Image-backed grounding data

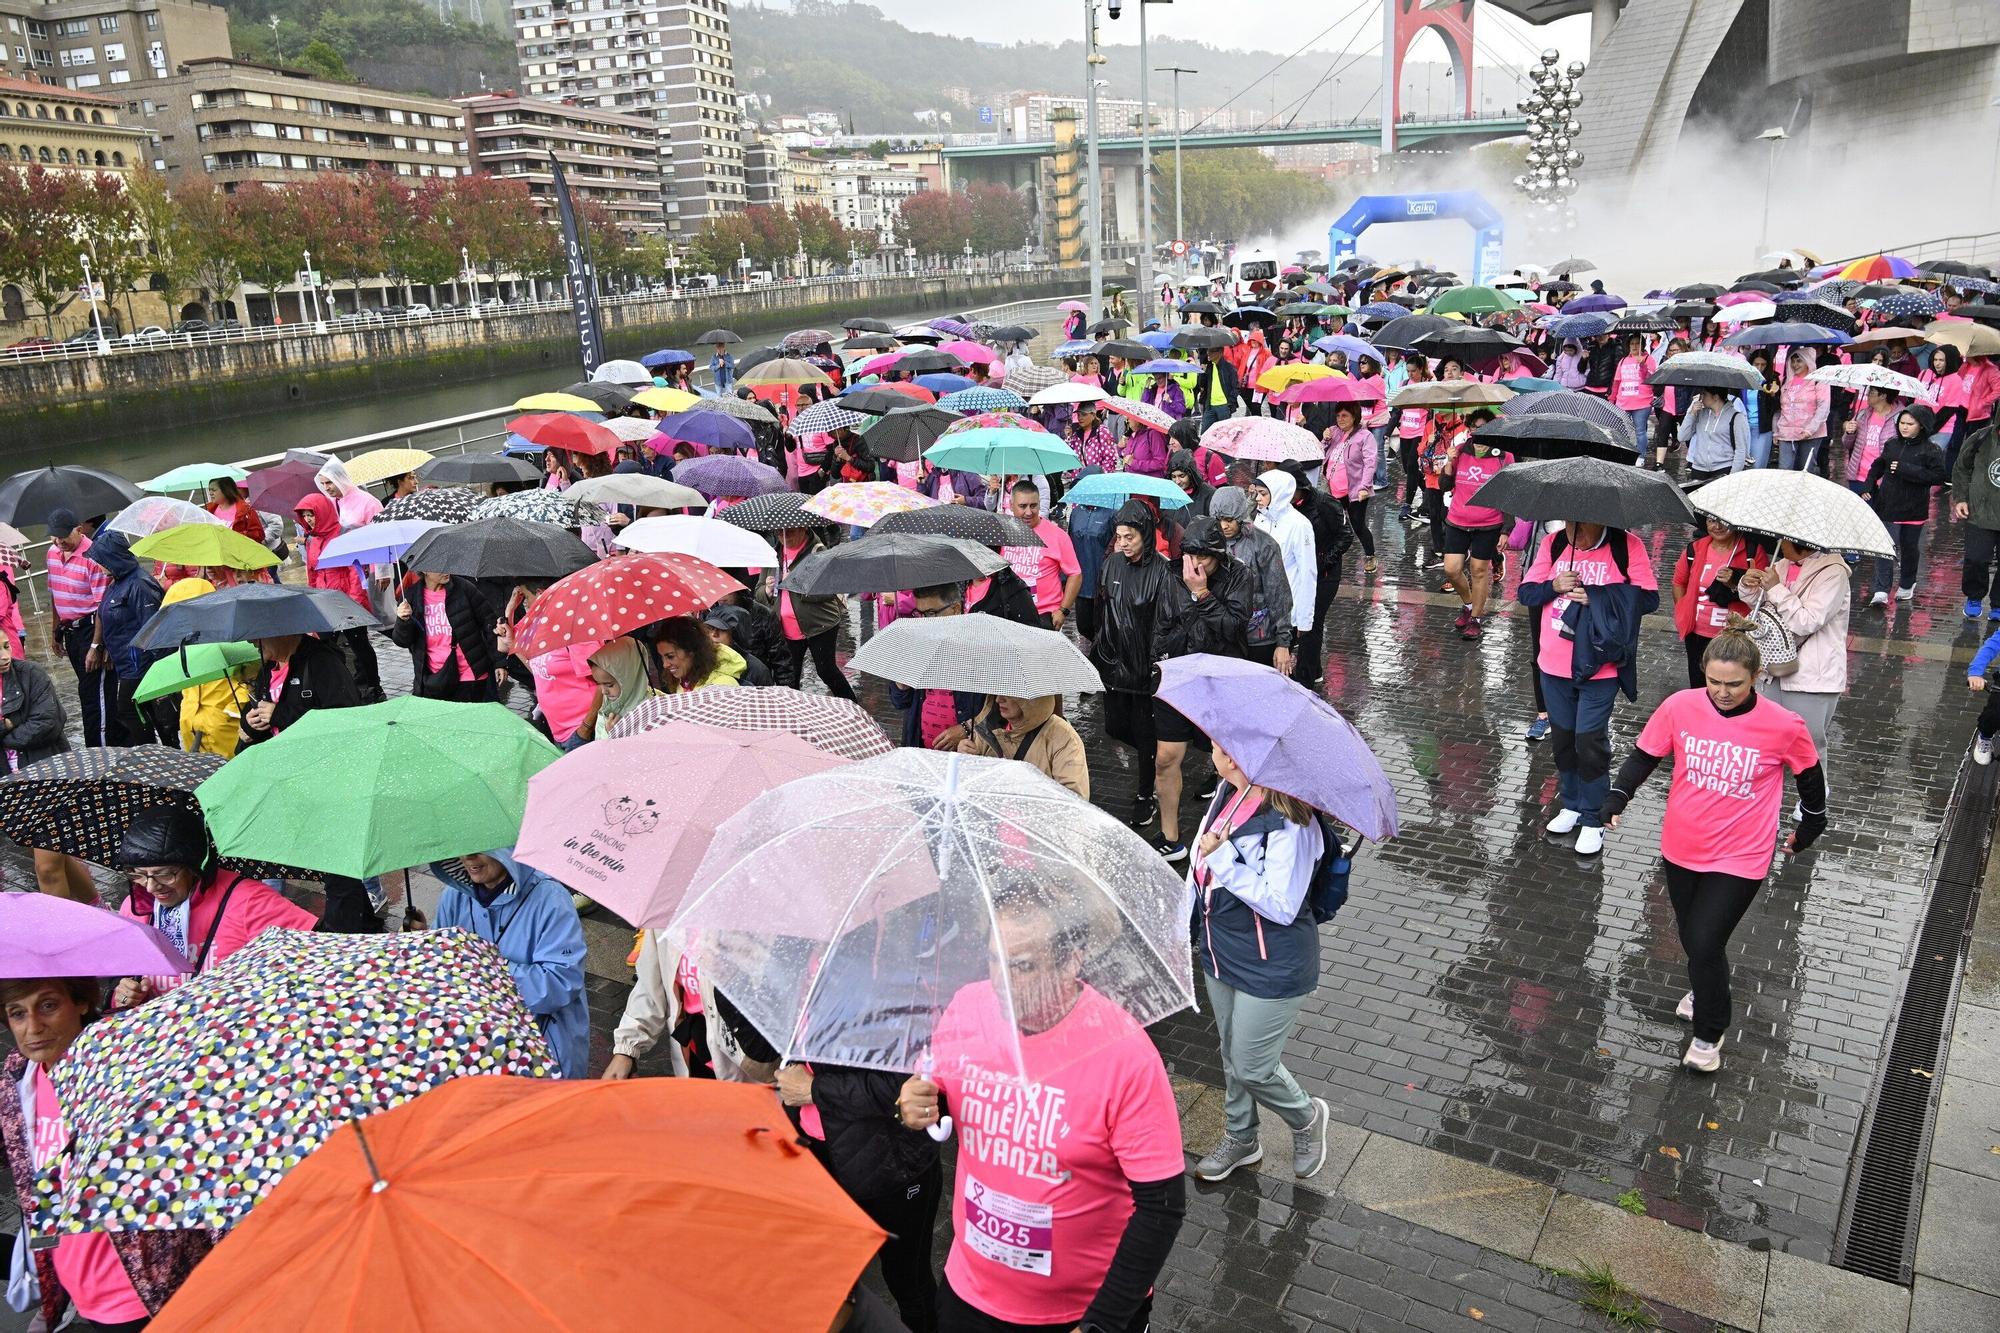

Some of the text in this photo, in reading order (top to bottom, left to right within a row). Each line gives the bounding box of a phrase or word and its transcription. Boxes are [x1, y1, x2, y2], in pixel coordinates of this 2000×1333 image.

[1687, 769, 1753, 798] AVANZA
[563, 836, 626, 873] in the rain
[591, 829, 627, 852] DANCING
[574, 860, 586, 872] my
[584, 866, 608, 882] cardio
[962, 1125, 1066, 1180] AVANZA
[976, 1209, 1031, 1247] 2025

Exercise objective: Could you repeat the entries word for word, skipping the pictures they contain?

Task response:
Some of the text in this photo, in reading order (top to bottom, left to right within a row). Each line gives the bounding box of a phrase or word and its transcription. Boxes are [x1, y1, x2, y2], in pixel coordinates of this 2000×1333 image.

[1687, 769, 1753, 798] AVANZA
[563, 836, 626, 873] in the rain
[591, 829, 627, 852] DANCING
[574, 860, 586, 872] my
[584, 866, 608, 882] cardio
[962, 1125, 1066, 1180] AVANZA
[976, 1209, 1031, 1247] 2025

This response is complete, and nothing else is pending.